More Neighborhood Green Space, Fewer Park visits? Evidence from Mobile Phone-Based Population Movement Data in a Major Chinese City

Published in Journal of Transport Geography, 2026

Citation: Wen, S., Shou, T., Song, H., Wang, X., Yin, H., Cheng, Y., Sun, G. & Ju, Y.*, More neighborhood green space, fewer park visits? Evidence from mobile phone-based population movement data in a major Chinese city, Journal of Transport Geography, 134, 104705. https://doi.org/10.1016/j.jtrangeo.2026.104705

Abstract: The compensation hypothesis suggests that residents in neighborhoods deprived of green space will visit parks more frequently to compensate for this deprivation.

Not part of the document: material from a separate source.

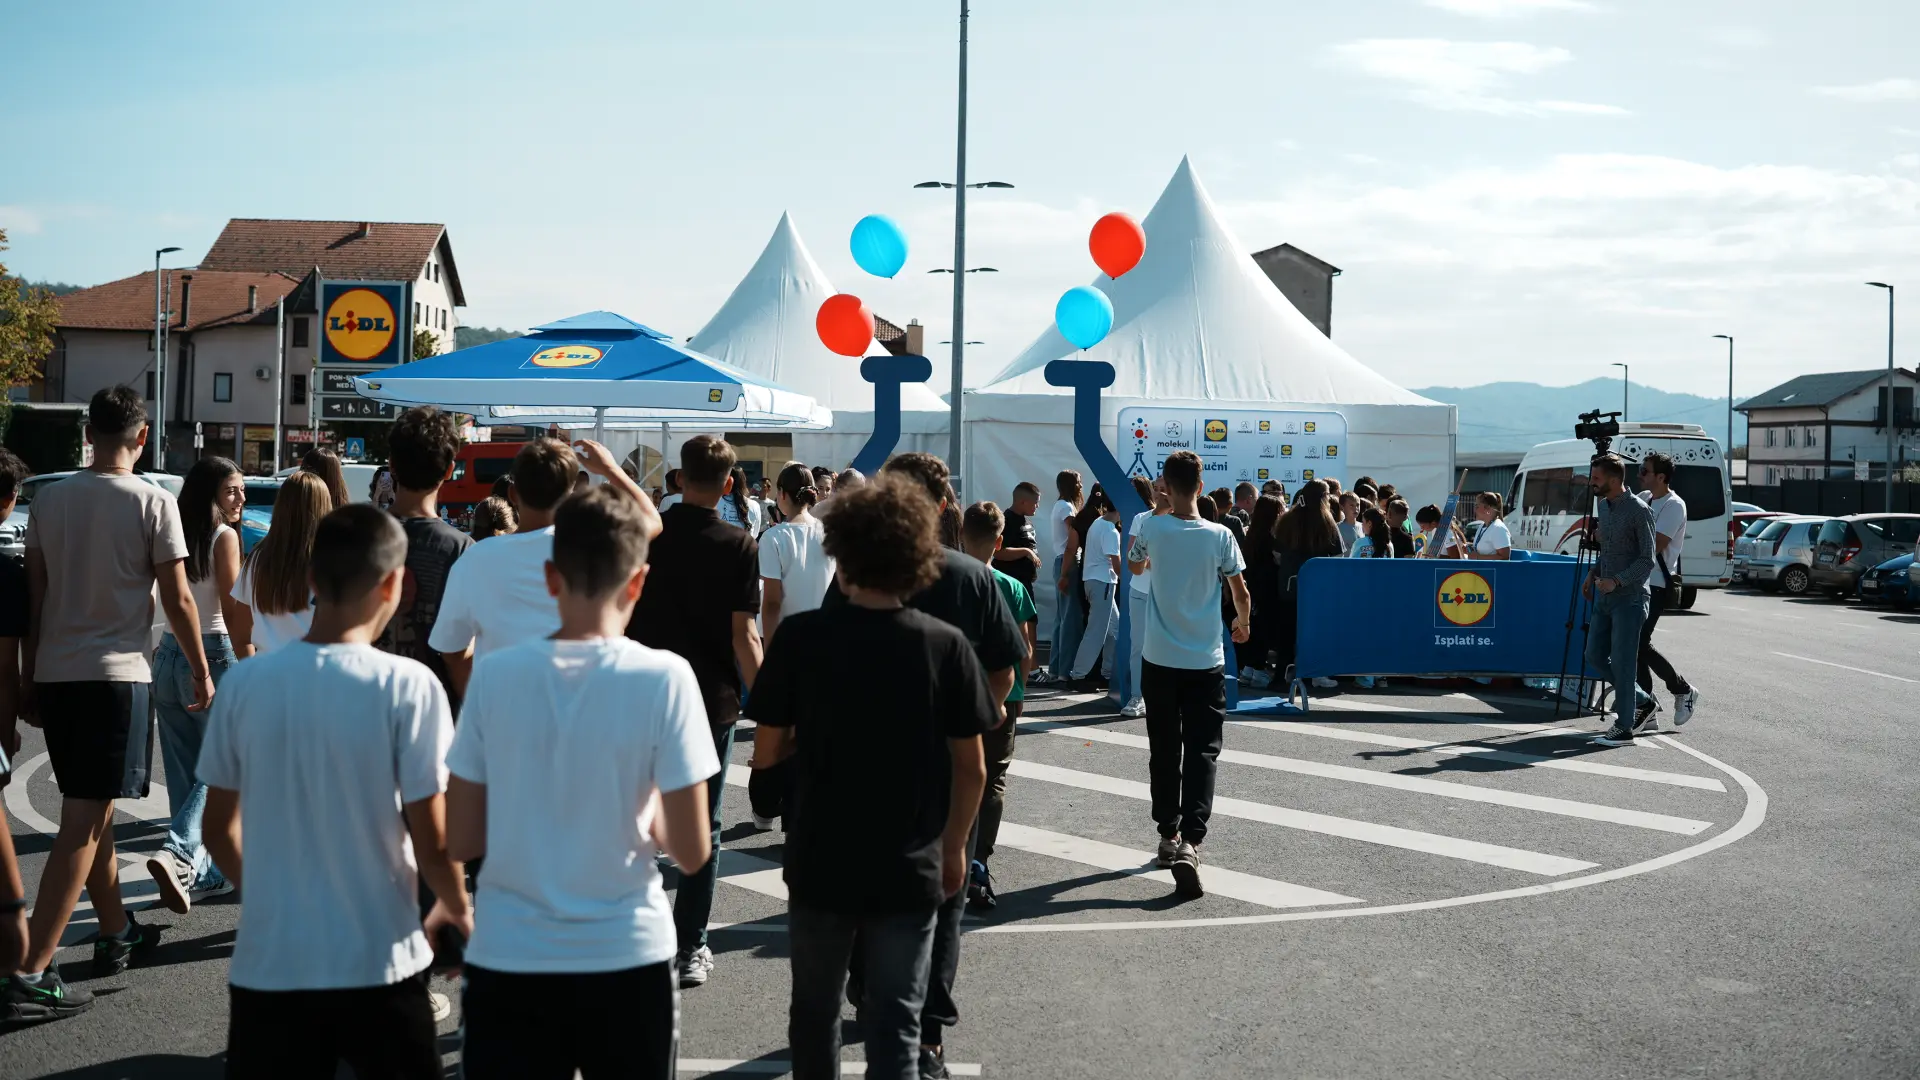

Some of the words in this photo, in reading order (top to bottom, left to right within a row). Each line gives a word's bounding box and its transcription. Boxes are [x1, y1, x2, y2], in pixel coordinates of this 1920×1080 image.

[1157, 440, 1189, 448] molekul
[1434, 634, 1475, 648] Isplati
[1477, 637, 1495, 646] se.
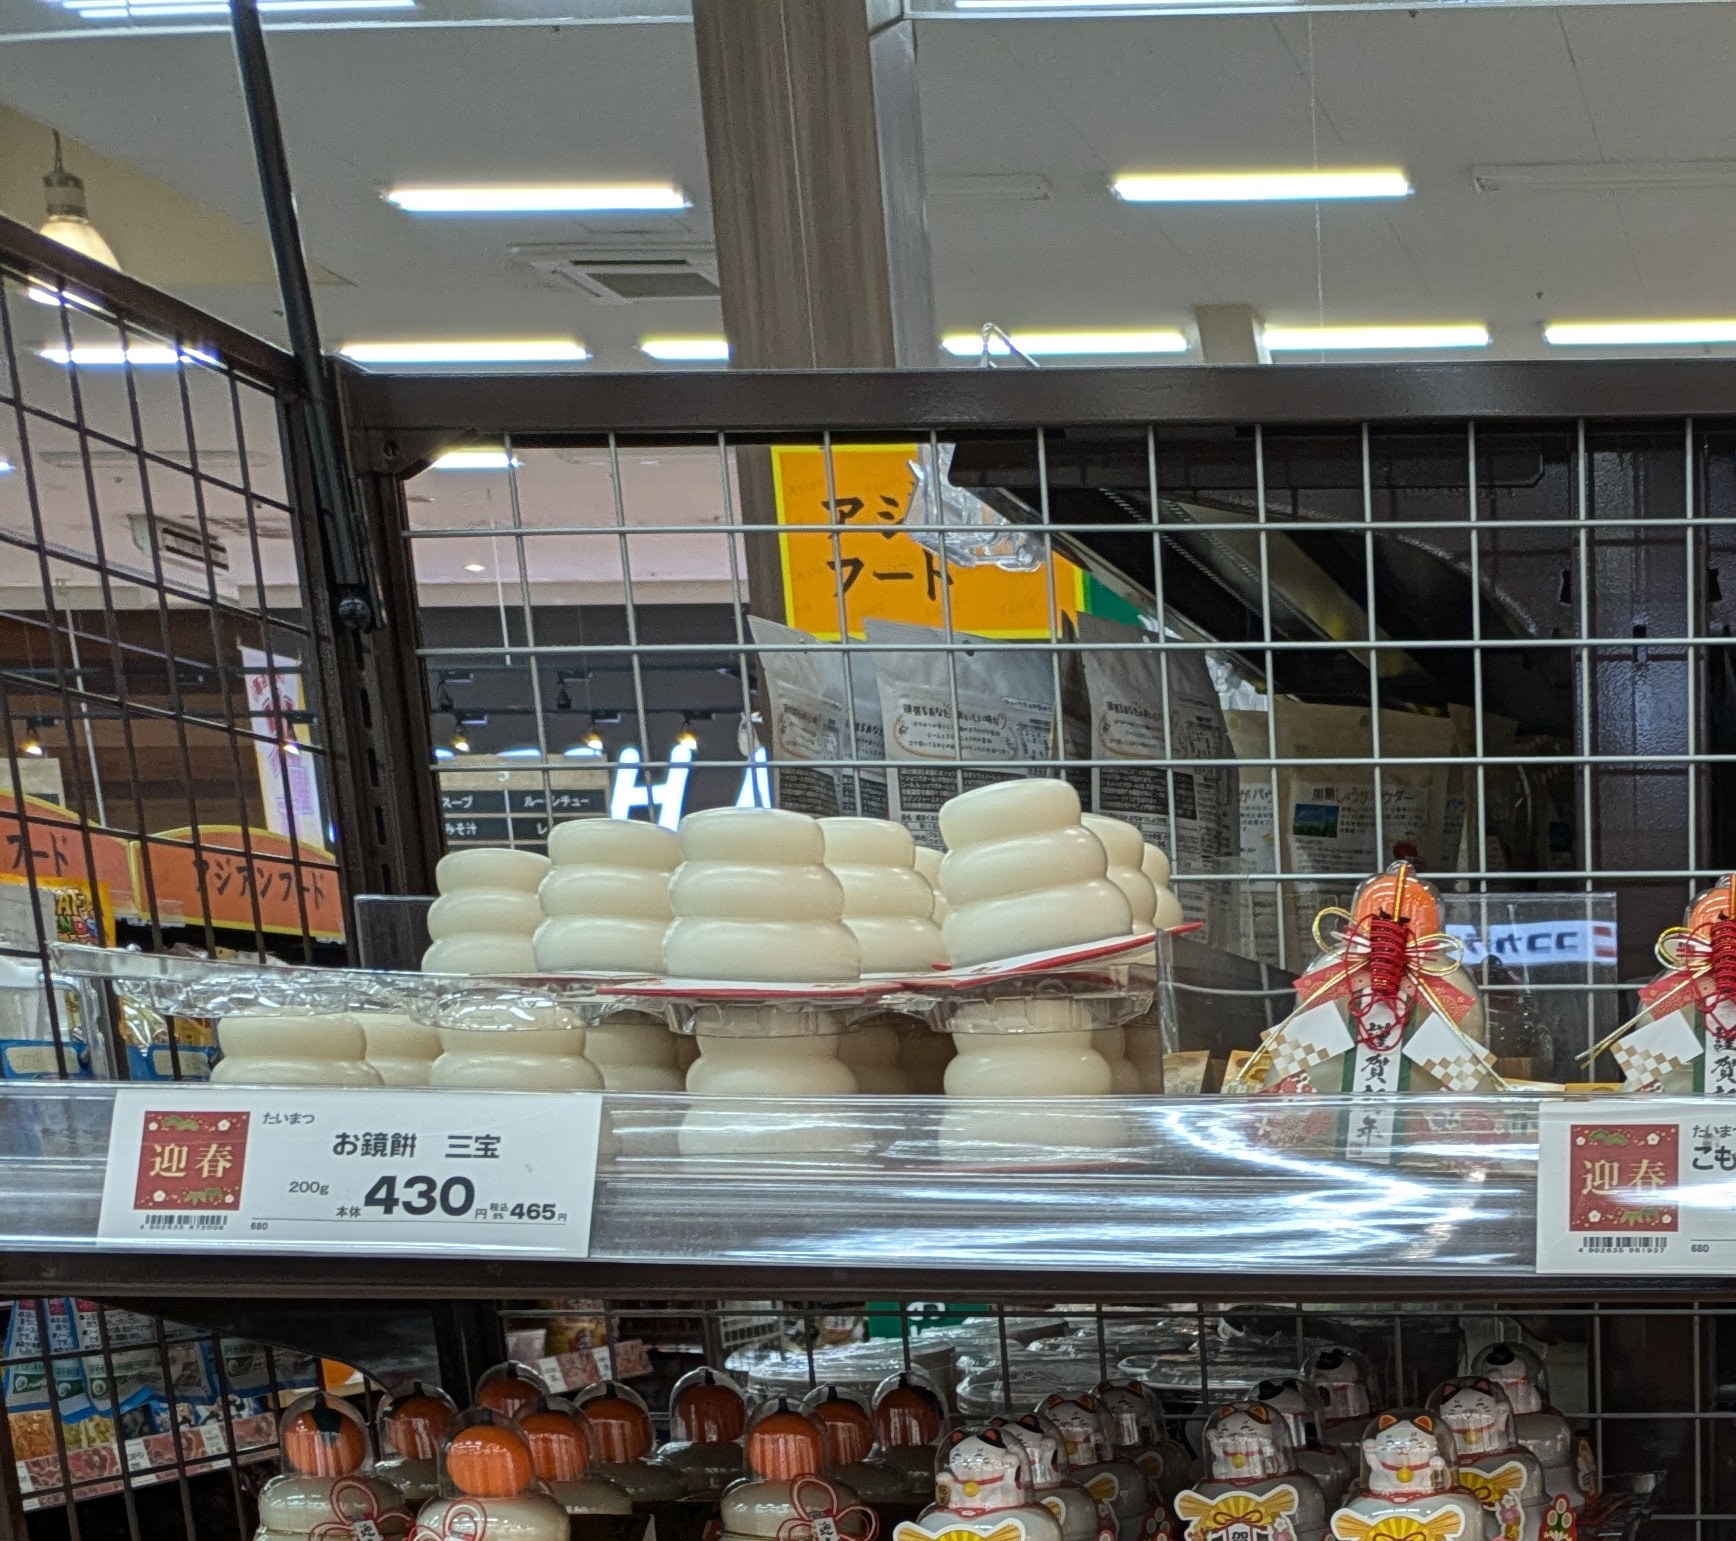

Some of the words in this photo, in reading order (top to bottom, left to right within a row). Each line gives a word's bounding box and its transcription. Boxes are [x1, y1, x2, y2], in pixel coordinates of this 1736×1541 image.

Most empirical tests on this hypothesis have been conducted in European cities, limiting the applicability to cities in other socioeconomic contexts. Moreover, prior studies have largely relied on survey data, which are constrained by small samples and recall biases. Addressing these gaps, we evaluated the compensation hypothesis by examining how neighborhood green space was associated with park visits, using a mobile phone-based population movement dataset containing 1.4 million park visits from 735,960 individuals in Nanjing, China. After controlling for neighborhood- and park-level built environment characteristics, we found that a 1% increase in neighborhood green space coverage was associated with a 0.7% reduction in park visit rates. In addition, we found that for neighborhoods at the bottom 20th percentile of green space coverage (16.01%), a 1-km increase in Euclidean distance to a park was associated with a 12.1% reduction in its visit rate, compared to a sharper, 14.4% reduction for neighborhoods at the top 20th percentile (45.06%). Our estimates were robust when considering different day types (weekday, weekend, and holiday), park sizes, and age and gender groups. Together, these findings suggest that residents deprived of green space not only visit parks more frequently but are also more willing to overcome distance barriers in park visits, therefore supporting the compensation hypothesis. These findings also underscore the need to increase neighborhood green space provision and its distributional equity in cities.